Shena dan kedua orang tuanya bergegas disusul Tantra dan Jenika yang hendak melanjutkan perjalanan ke mal untuk makan dan berbelanja. Tantra sempat syok soal ajakan dia yang sebelumnya tidak dibicarakan tapi Tantra yah Tantra. Manusia dengan rasa kasihan yang amat tinggi. Mau tak mau dia harus menemani Jenika lagi pula dia tidak ada kerjaan di rumah.
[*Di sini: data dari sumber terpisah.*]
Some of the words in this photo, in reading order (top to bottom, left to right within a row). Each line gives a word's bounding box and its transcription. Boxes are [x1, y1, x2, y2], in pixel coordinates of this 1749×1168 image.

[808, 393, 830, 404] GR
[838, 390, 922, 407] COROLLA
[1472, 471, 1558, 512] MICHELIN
Jenika membawa Tantra ke restoran Jepang tempat langganannya. Untung Tantra bawa uang jadi bisa ikut makan tanpa harus ditraktir Jenika. Tengsin katanya. Dua mangkuk ramen dengan saus karbonara sudah di depan mata. Bukan Tantra loh yang memesan tapi Jenika. Sejenak Tantra memandangi makanan itu lalu melihat Jenika yang mulai melakukan suapan pertama
“Lo masih inget makanan kesukaan gue.” Batin Tantra mengagumi Jenika.
Jenika terusik dan menegur Tantra dengan menyodorkan sumpit mendekati wajahnya yang cerah. " Ta. Kenapa?”
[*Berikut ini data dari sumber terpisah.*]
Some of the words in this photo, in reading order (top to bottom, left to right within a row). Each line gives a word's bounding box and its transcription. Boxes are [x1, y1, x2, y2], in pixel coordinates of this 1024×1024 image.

“Makasih Je,” kata Tantra, singkat.
“Makasih doang?” cetus Jenika memberhentikan suapan pertama Tantra.
“Terus?”
Jenika tidak menjawab. Ia meraih ponselnya di atas meja lalu membuka kamera dan menyuruh Tantra tersenyum karena mau difoto. “Ta, senyum yah.”
“Oh buat apa? Belum siap.”
CEKREKKKK
Wajah panik Tantra sudah terekam kamera Jenika. Jenika hendak tertawa lepas begitu melihat ekspresi kaget dengan mata membelalak dan mulut sedikit menganga. “Lucu.”
“Ih coba lihat,” cetus Tantra penasaran.
Jenika menunjukkan layar ponselnya sambil cekikikan. “Nih.”
Tantra bukannya marah atau bete tapi malah tertawa lepas sampai mengganggu orang di sekitarnya. “Kocak banget muka aku.”